As summer rolls on, high school football teams across Louisiana are fighting the heat and putting in work with hopes of reaching the Mercedes-Benz Superdome in December to play for a state title.
It’s no different at Livonia High School. Last year, the Wildcats made it within a game of the Class 3A state title game but had their season end unceremoniously with a 49-6 loss to eventual champion Parkview Baptist.
Heading into 2013, coach David Brewerton wants to get over the semifinal hump.
“With the season that we had last year, there are pressures that come into this season,” he said. “Everybody wants to see a follow-up of that. We won’t shy away from that pressure.”
Livonia returns an experienced team, including nine starters on defense. None is more important than a pair of seniors: linebacker Russell Farris and defensive back Darius Hammond.
Farris led the Wildcats last season with 160 tackles, including 12 for loss. Hammond was right behind with 90 tackles and a team-high seven interceptions. Both were named to the District 5-3A first team.

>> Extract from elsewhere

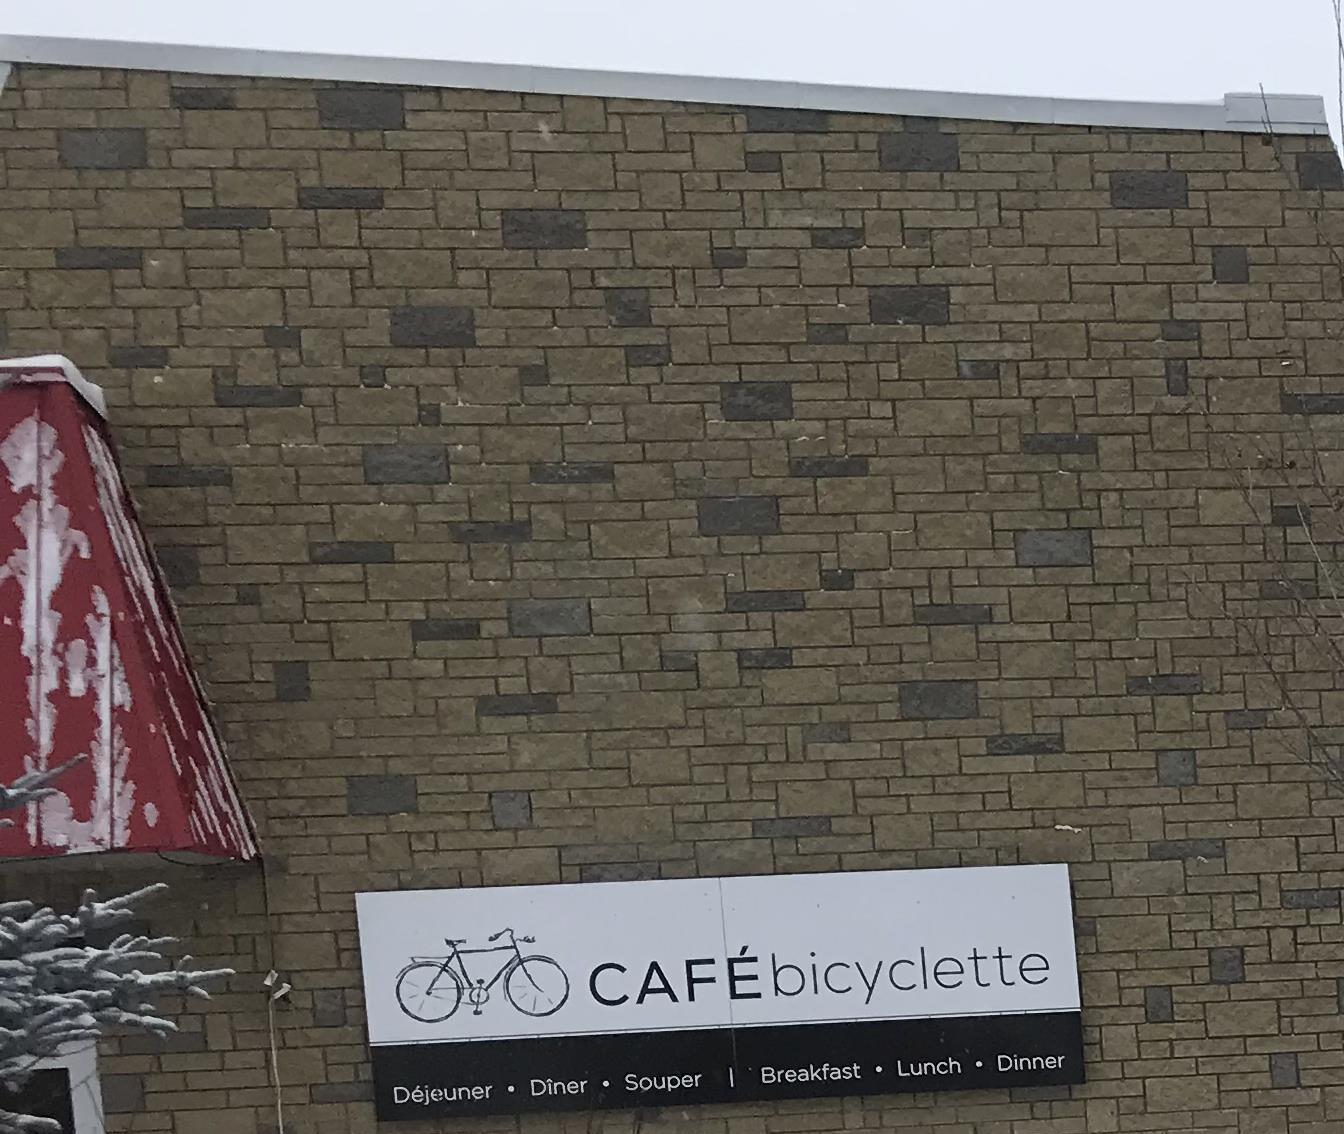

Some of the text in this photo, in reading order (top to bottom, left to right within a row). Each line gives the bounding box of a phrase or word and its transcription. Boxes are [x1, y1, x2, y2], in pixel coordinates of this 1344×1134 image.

[393, 1054, 1065, 1105] Déjeuner Dîner Souper Breakfast Lunch Dinner

In addition to their defensive prowess, both made the 5-3A first team on offense — Farris at running back and Hammond at receiver.
“Those two guys are true game changers,” Brewerton said.
“The rest of our team definitely feeds off those two, and they are fun to watch. The experience level they bring to the table adds a tremendous aspect to our program.”
While the personal awards are nice, Farris and Hammond want to make one last run at a state title.
“Every year, we want to progress,” said Hammond, an all-state honorable mention selection. “Our goal is to make it to the state championship. We were one game away last season, and we hear about that a lot.”
“We want to finish the season off with a win,” Farris said. “As seniors, we have to lead all the younger guys to help them step up, and hopefully we can make it there.”
Farris and Hammond have been winning on the same field since they were 9 years old and playing for the Raiders, a local recreational league team.
“We have been together for a really long time,” Farris said. “When he makes a play, I feel like I just made a play. And between us, we have made a lot of plays.”
Those flawlessly flowed into the high school level, where they continued to share the field together as starters since their freshman season.
“We have a strong relationship,” Hammond said. “I trust him more than anybody on the field because I know what he can do and he knows what I can do.”
Thanks to their long history, Hammond and Farris have formed a strong bond on the field, making it much easier for Brewerton to coach his defense.
“What’s different about those two guys than others is that they know each other’s tendencies and have a high football IQ,” he said. “They can make plays that others aren’t able to make because they understand the game so well.”
But there is always room for improvement and, as seniors, Brewerton would like Farris and Hammond to become more vocal leaders. That’s something Hammond in particular has been focusing on during summer workouts because he’s sidelined with a high ankle sprain that he suffered in the spring game.
“I used to be the quiet one and just did my talking with my play,” said Hammond, who is expected to be healthy by the start of the season. “But as a senior, I need to speak up a little more.”
Even after they play their final games at Livonia, it may not be the final time they’re on a football field together. Both have been offered a scholarship to play at Southeastern Louisiana.
But if their college careers do force them apart, Farris knows he has a lifelong friend.
“We have been together since we were 9 years old,” he said. “We’re pretty good together, and I think, even when we’re not teammates, we’ll still be friends.”